Here are the running averages for all the oils tested thusfar:

API P (ppm) Zn (ppm) B (ppm) Mo (ppm) Ca (ppm) Mg (ppm) Na (ppm) Total Detergents
SE-SJ 1301 1280 151 357 1936 293 214 2443
CI-4 1150 1374 83 80 2642 199 2840
SL 994 1182 133 273 2347 109 22 2479
CJ-4 819 1014 26 2075 7 2082
SM 770 939 127 122 2135 13 139 2287 *


----------



## jbutlertelecom (Aug 12, 2009)

For a good read refer to this page: http://www.carbibles.com/engineoil_bible.html


----------



## Chickenman35 (Jul 28, 2006)

BTW..Amsoil has just released the Full SAPS version of their 5w-40 Euro oil ( EFM ). Trying to get some specs on it, but it appears to be the " older " formualtion before European oils were forced to go low SAPS ( Sulphated Ash, Phosphorus, Sulpher ... all high pressure additives ) .

EFM Specs:

http://www.amsoil.com/storefront/efm.aspx

AFL Specs:

http://www.amsoil.com/storefront/afl.aspx

An added bonus is that the full SAPS version ( EFM = $7.40 qt ) is considerably cheaper than the low SAPS version ( AFL = $10.15 qt ):

http://www.amsoil.com/a/synthetic-motor-oil-engine-oil

The Amsoil AMO 10w-40 is also a very good formulation for HP engines. Non " Eco " ( as are most heavier weight oils ), Check out the TBN:

http://www.amsoil.com/storefront/amo.aspx


----------



## Chickenman35 (Jul 28, 2006)

Got a bit bored..so did some surfing. A very good read on the latest developments in motor oils:

http://en.wikipedia.org/wiki/Motor_oil

Check out some of the footnotes.

#8:

http://www.audizine.com/forum/showthread.php/383410-Audi-oil-reference-all-you-ever-wanted-to-know


----------



## theswoleguy (Jan 25, 2006)

speaking of tbn, the blackstone report from the truck on rotella t6 at 6k miles still had a tbn of 7.4. With that being said, the shearing forces that the high pressure oil system of the 6.0 puts out, stands to prove the oil takes a beating quite well.


----------



## Dub-Nub (Sep 27, 2005)

Chickenman35 said:


> Found a link with some great info on Zinc and Phosphorus levels in a large variety of Synthetic oils:
> 
> http://wildguzzi.com/forum/index.php?topic=33841.0;wap2
> 
> ...



I did some work converting this to a better readable state. The last 20 entries were not included since they were not really oils and i didnt know what the numbers aligned with.

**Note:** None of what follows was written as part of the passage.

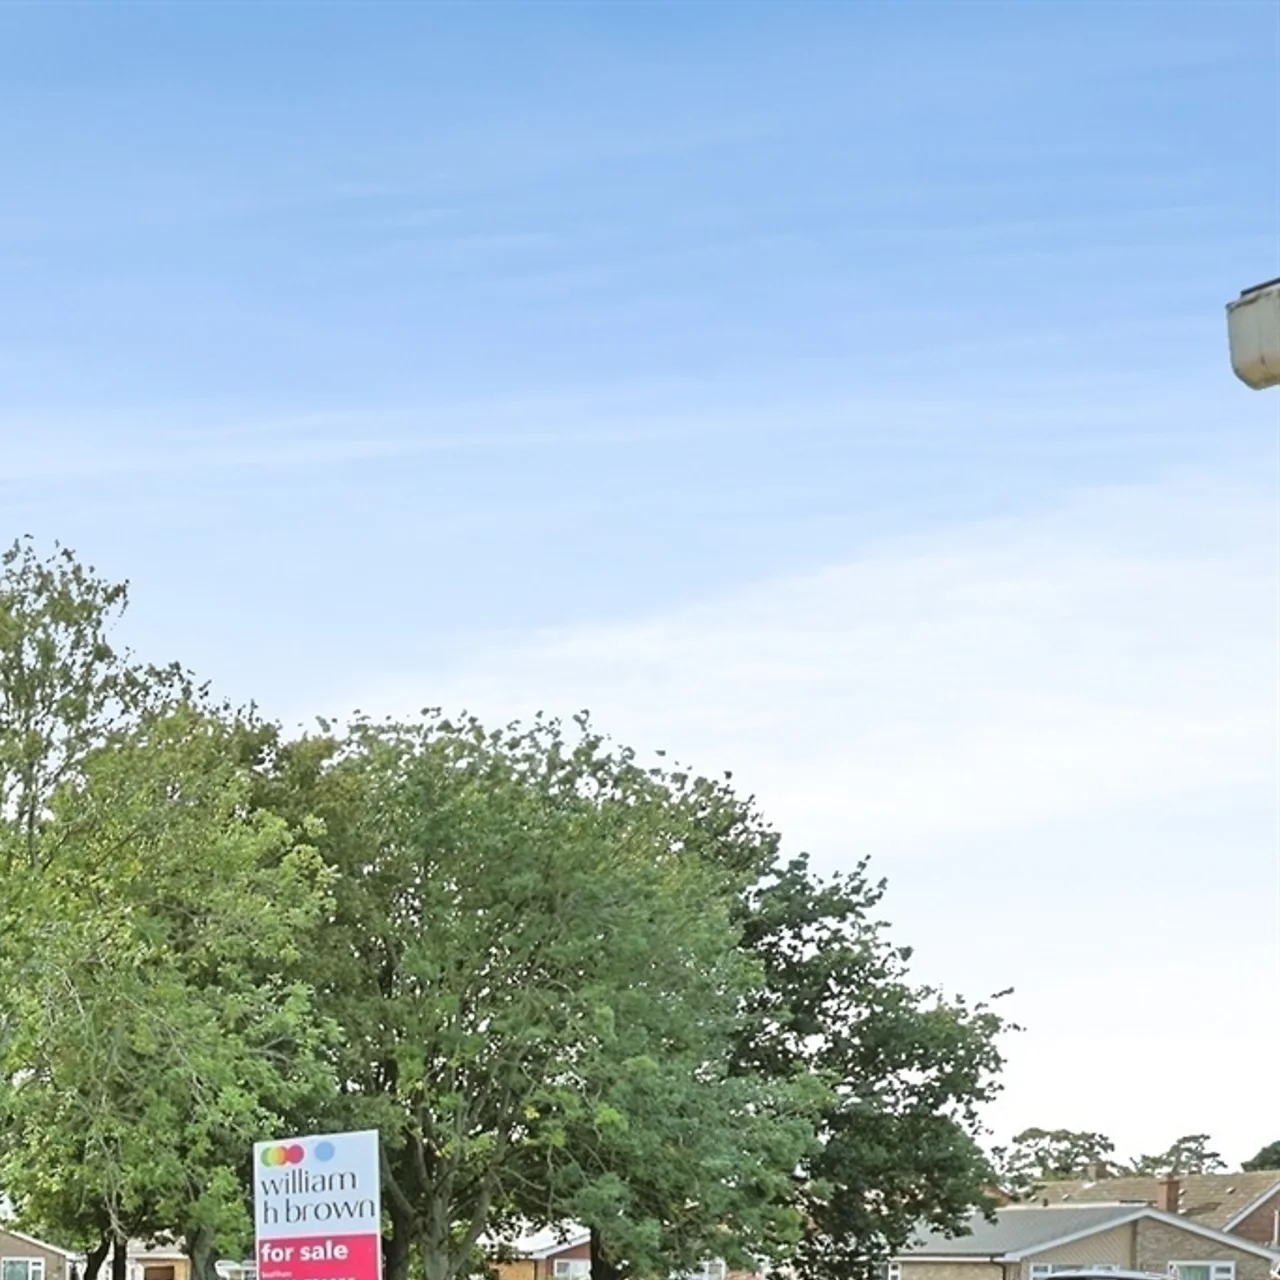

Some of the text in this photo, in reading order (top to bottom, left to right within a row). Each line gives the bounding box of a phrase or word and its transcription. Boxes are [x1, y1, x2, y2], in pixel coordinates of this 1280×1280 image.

[261, 1168, 357, 1196] william
[263, 1199, 375, 1224] h brown
[261, 1240, 348, 1262] for sale

https://docs.google.com/spreadsheet/ccc?key=0AjtiUX_dummXdHFSSFQwODF5VWUwZVA5eVM5UnVHelE

After a bit more research i was able to locate a table that already had it separated out and more oils

https://docs.google.com/spreadsheet/ccc?key=0AjtiUX_dummXdHhCMWRScmdBanZQWS1KckRvdjZLanc


----------



## All_Euro (Jul 20, 2008)

Dub-Nub said:


> I did some work converting this to a better readable state.
> 
> https://docs.google.com/spreadsheet/ccc?key=0AjtiUX_dummXdHFSSFQwODF5VWUwZVA5eVM5UnVHelE


:thumbup::thumbup:


----------



## jbrehm (May 16, 2006)

Huge thanks to Chicken and Dub :thumbup:

Threads like this - you know, ones with actual data and info - restore my faith in the internetz.


----------



## Dub-Nub (Sep 27, 2005)

jbrehm said:


> Huge thanks to Chicken and Dub :thumbup:
> 
> Threads like this - you know, ones with actual data and info - restore my faith in the internetz.

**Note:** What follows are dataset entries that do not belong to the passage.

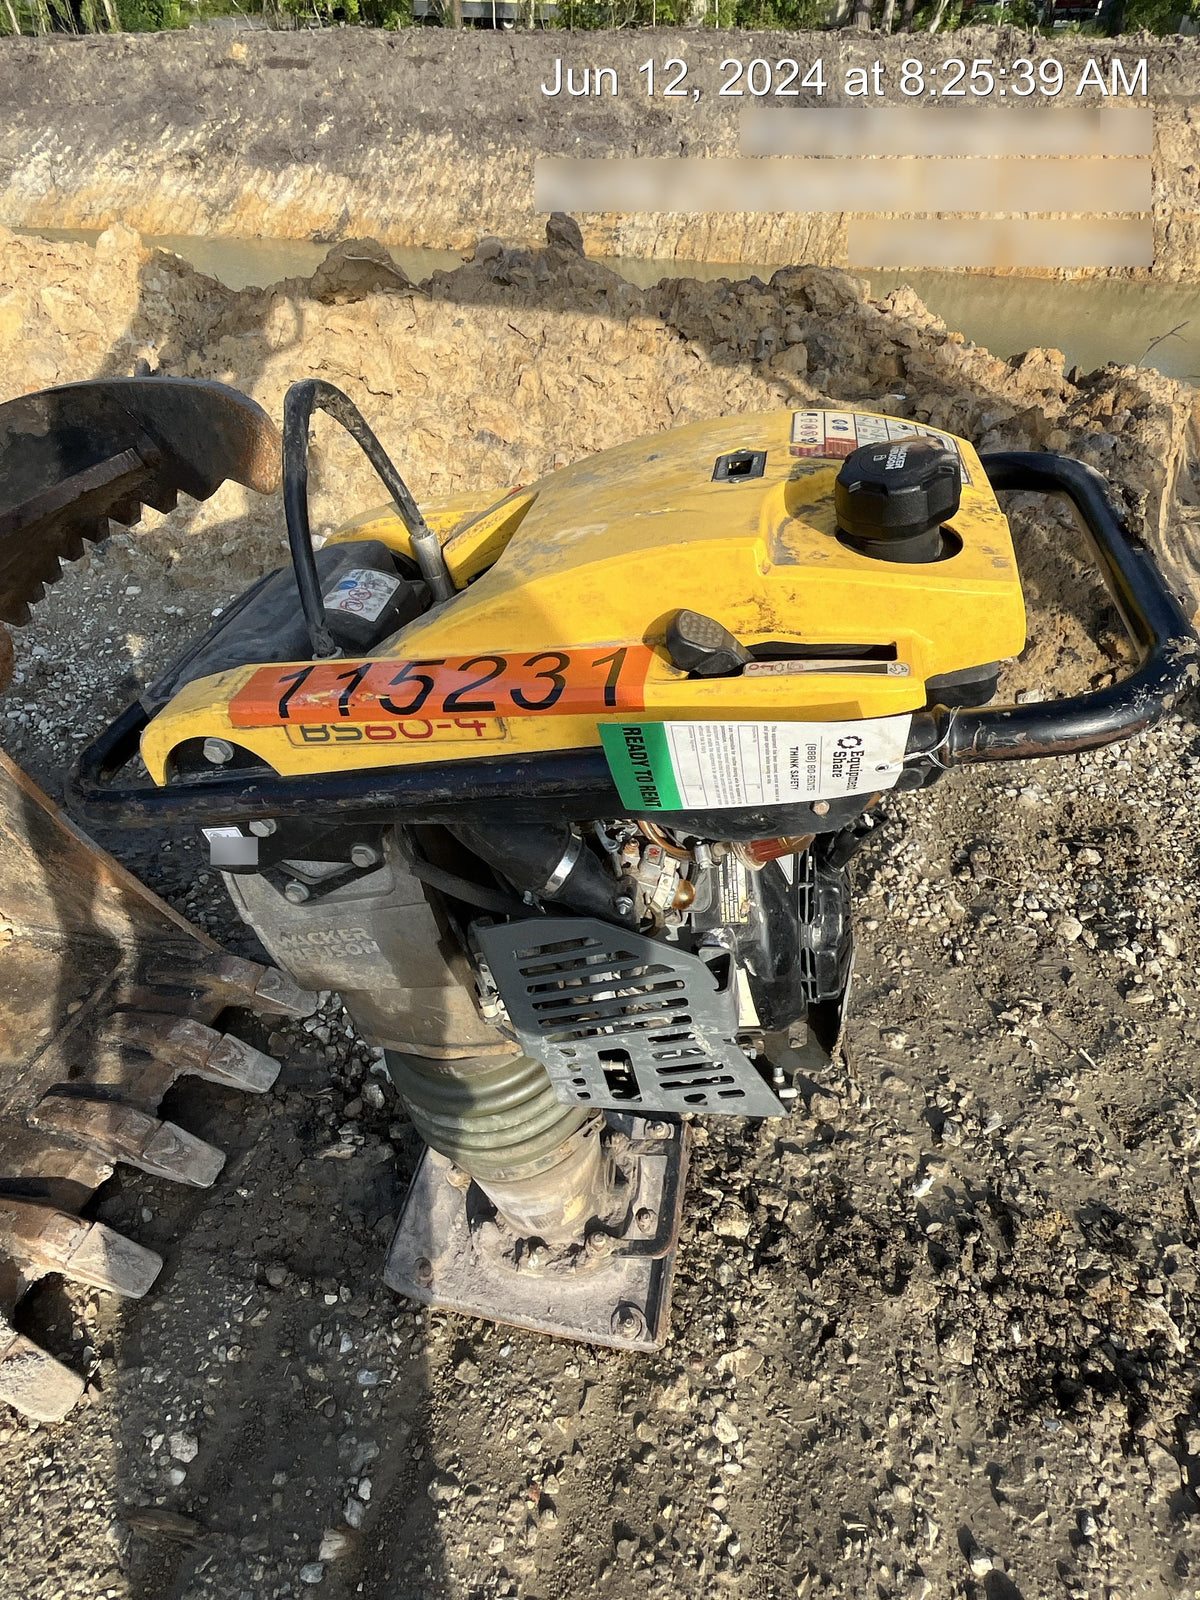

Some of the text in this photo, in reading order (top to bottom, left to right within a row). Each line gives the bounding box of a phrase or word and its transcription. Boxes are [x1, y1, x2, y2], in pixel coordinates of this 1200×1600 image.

[278, 646, 628, 719] 115231
[622, 727, 662, 808] READY TO RENT
[789, 746, 800, 791] THINK SAFETY
[832, 751, 847, 778] Share
[846, 750, 865, 790] Equipment

I found an even better table with more oil.

https://docs.google.com/spreadsheet/ccc?key=0AjtiUX_dummXdHhCMWRScmdBanZQWS1KckRvdjZLanc


----------



## Cryser (Sep 9, 2009)

So the 10w-40 seems to be working well, the oil light did start to flash while I was very lightly going through a neighborhood right after a few hard pulls. My engine bay get HOT as HELL now though so I'm thinking of going to XXw-50 weight until I can get some sort of oil cooler or a cowl hood to vent some of this heat. I saw 20w-50 on IE site and it's even cheaper then the 10w-40 I'm running now but I'm kinda worried about going up to 20 even though I live in southern california and rarely start the car up before 10:00am on saturday I do have to get up early (7am) that it's still kinda cold outside. I have no problem idling the car up to let oil get everywhere I usually do for a good 30seconds to a 1min then drive around out of boost and slowly until at full operating temp. Do you guys think 20w-50 would be a good weight to run or would I be better served with 10w-50?


----------



## Chickenman35 (Jul 28, 2006)

Cryser. Mobile makes a 15w-50 that works better for highly stressed engines. You might want to give that a go. Should be no problem in Southern California as far as ambient temps. 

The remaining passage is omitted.